Ever since a prisoner at Lee Correctional Institution in South Carolina used a smuggled cellphone to arrange the assassination of then-guard Capt. Robert Johnson in 2010, the 15-year corrections veteran has been speaking out vociferously about the epidemic of contraband in prison.
“I instantly knew this was a hit,” Johnson told The Daily Caller in a recent interview, describing that frightful day seven years ago when an assassin broke into his home to try and kill him. “I came out of the bathroom and yelled to try and draw the guy away from the bedroom ’cause my wife was in there. I drew him to me.”
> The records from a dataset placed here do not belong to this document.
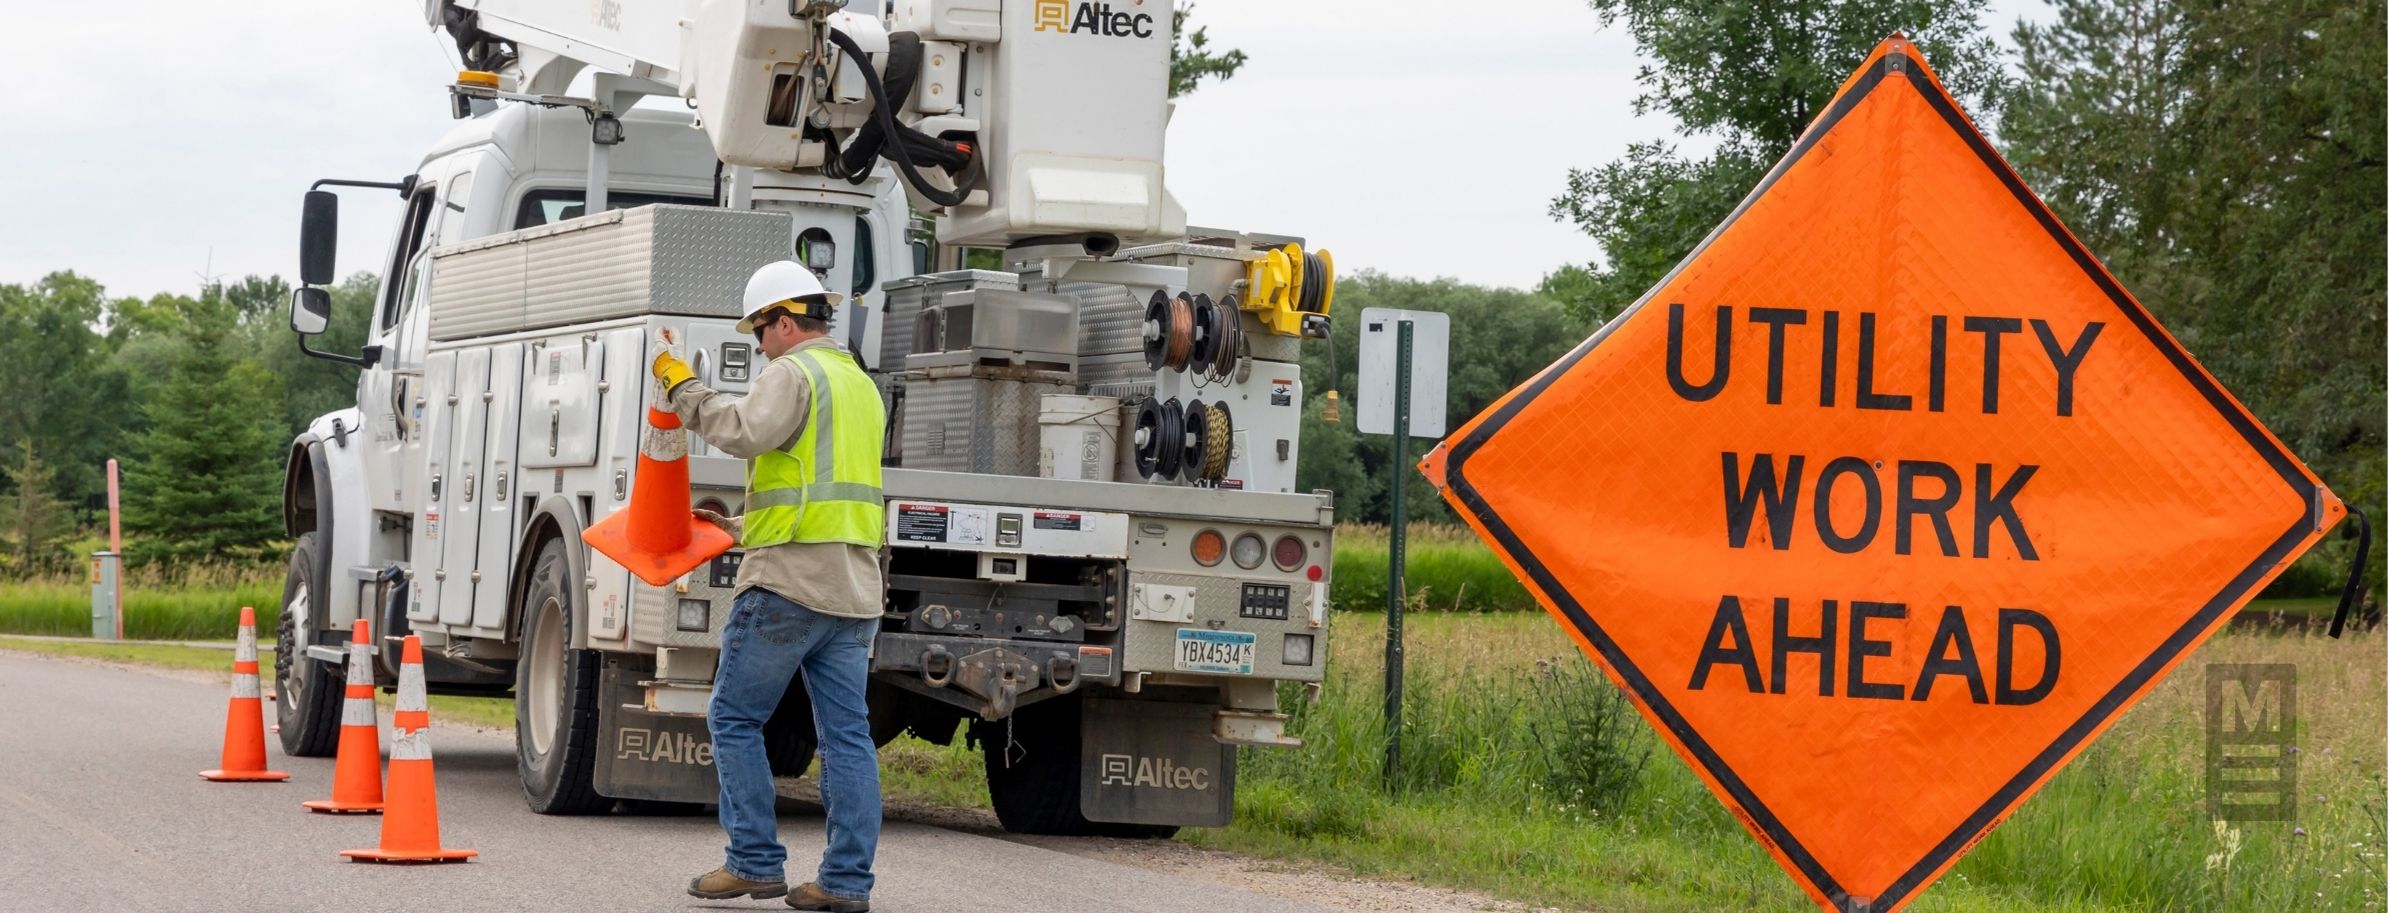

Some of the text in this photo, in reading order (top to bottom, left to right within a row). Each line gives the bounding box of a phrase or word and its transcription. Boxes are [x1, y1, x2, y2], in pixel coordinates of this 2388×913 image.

[1070, 1, 1153, 38] Altec
[1666, 303, 2106, 417] UTILITY
[1721, 451, 2041, 561] WORK
[1182, 640, 1240, 665] YBX4534
[1243, 644, 1251, 656] K
[1687, 594, 2062, 706] AHEAD
[651, 731, 713, 766] Alte
[1133, 757, 1209, 790] Altec
It worked, and during the tussle that ensued, Johnson wound up sustaining six bullet wounds to his stomach and chest. The assassin then fled the scene, at which point the correction officer’s wife dialed 911.
“The doctor said I was literally dead when I got off the helicopter,” Johnson recalled, citing his transfer to a nearby trauma center. “Doctors thought I was going to die … They gave me 63 units of blood. They said I bled out three times and died on the operating table twice.”
But ultimately he made it through and was in fact one of the lucky ones.
Last year, a gang leader in Georgia used a smuggled cellphone to order the murder of a 9-month-old infant in retaliation for the baby’s uncle killing a fellow gang member without permission, according to Newsweek. Sadly, that hit was successful.
At a Federal Communications Commission hearing four months back, Johnson made it clear that this problem could be solved if the FCC would simply set up a universal system to block smuggled cellphones from placing calls from inside prisons.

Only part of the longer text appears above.